*TASK*
Return each of the entries below word for word.

[INFORMATION GIVEN Boundary: Start]

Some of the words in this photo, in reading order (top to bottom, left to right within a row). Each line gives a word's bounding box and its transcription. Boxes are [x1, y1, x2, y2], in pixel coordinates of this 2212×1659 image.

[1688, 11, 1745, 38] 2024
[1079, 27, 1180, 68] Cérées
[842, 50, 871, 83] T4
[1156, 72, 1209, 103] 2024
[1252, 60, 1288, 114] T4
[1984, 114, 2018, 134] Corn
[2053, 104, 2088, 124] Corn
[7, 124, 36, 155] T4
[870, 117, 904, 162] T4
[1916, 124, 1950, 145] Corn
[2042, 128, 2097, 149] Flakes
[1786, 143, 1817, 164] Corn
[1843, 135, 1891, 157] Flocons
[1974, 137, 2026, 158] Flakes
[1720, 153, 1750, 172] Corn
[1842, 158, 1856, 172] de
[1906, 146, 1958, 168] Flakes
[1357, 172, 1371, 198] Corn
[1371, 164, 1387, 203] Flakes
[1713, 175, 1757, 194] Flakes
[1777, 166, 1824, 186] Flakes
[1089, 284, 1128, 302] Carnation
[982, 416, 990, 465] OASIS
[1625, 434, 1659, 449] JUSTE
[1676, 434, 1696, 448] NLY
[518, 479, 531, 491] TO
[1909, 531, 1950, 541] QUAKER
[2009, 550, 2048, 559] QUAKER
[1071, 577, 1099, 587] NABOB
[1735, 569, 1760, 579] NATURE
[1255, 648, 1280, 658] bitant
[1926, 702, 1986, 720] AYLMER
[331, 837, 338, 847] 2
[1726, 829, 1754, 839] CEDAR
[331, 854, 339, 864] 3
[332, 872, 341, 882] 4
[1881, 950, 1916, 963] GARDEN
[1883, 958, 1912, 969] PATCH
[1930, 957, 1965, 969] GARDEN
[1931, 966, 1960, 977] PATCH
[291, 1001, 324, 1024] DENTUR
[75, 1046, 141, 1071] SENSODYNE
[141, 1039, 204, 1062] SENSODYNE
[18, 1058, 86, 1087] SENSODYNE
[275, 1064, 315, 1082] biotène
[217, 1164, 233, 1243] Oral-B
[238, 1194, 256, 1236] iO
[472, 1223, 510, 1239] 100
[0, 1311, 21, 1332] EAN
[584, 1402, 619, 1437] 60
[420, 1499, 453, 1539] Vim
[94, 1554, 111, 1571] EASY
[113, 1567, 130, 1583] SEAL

[INFORMATION GIVEN Boundary: End]

*ANSWER SPACE*
Some of the words in this photo, in reading order (top to bottom, left to right within a row). Each line gives a word's bounding box and its transcription. Boxes are [x1, y1, x2, y2], in pixel coordinates of this 2212×1659 image.

[1688, 11, 1745, 38] 2024
[1079, 27, 1180, 68] Cérées
[842, 50, 871, 83] T4
[1156, 72, 1209, 103] 2024
[1252, 60, 1288, 114] T4
[1984, 114, 2018, 134] Corn
[2053, 104, 2088, 124] Corn
[7, 124, 36, 155] T4
[870, 117, 904, 162] T4
[1916, 124, 1950, 145] Corn
[2042, 128, 2097, 149] Flakes
[1786, 143, 1817, 164] Corn
[1843, 135, 1891, 157] Flocons
[1974, 137, 2026, 158] Flakes
[1720, 153, 1750, 172] Corn
[1842, 158, 1856, 172] de
[1906, 146, 1958, 168] Flakes
[1357, 172, 1371, 198] Corn
[1371, 164, 1387, 203] Flakes
[1713, 175, 1757, 194] Flakes
[1777, 166, 1824, 186] Flakes
[1089, 284, 1128, 302] Carnation
[982, 416, 990, 465] OASIS
[1625, 434, 1659, 449] JUSTE
[1676, 434, 1696, 448] NLY
[518, 479, 531, 491] TO
[1909, 531, 1950, 541] QUAKER
[2009, 550, 2048, 559] QUAKER
[1071, 577, 1099, 587] NABOB
[1735, 569, 1760, 579] NATURE
[1255, 648, 1280, 658] bitant
[1926, 702, 1986, 720] AYLMER
[331, 837, 338, 847] 2
[1726, 829, 1754, 839] CEDAR
[331, 854, 339, 864] 3
[332, 872, 341, 882] 4
[1881, 950, 1916, 963] GARDEN
[1883, 958, 1912, 969] PATCH
[1930, 957, 1965, 969] GARDEN
[1931, 966, 1960, 977] PATCH
[291, 1001, 324, 1024] DENTUR
[75, 1046, 141, 1071] SENSODYNE
[141, 1039, 204, 1062] SENSODYNE
[18, 1058, 86, 1087] SENSODYNE
[275, 1064, 315, 1082] biotène
[217, 1164, 233, 1243] Oral-B
[238, 1194, 256, 1236] iO
[472, 1223, 510, 1239] 100
[0, 1311, 21, 1332] EAN
[584, 1402, 619, 1437] 60
[420, 1499, 453, 1539] Vim
[94, 1554, 111, 1571] EASY
[113, 1567, 130, 1583] SEAL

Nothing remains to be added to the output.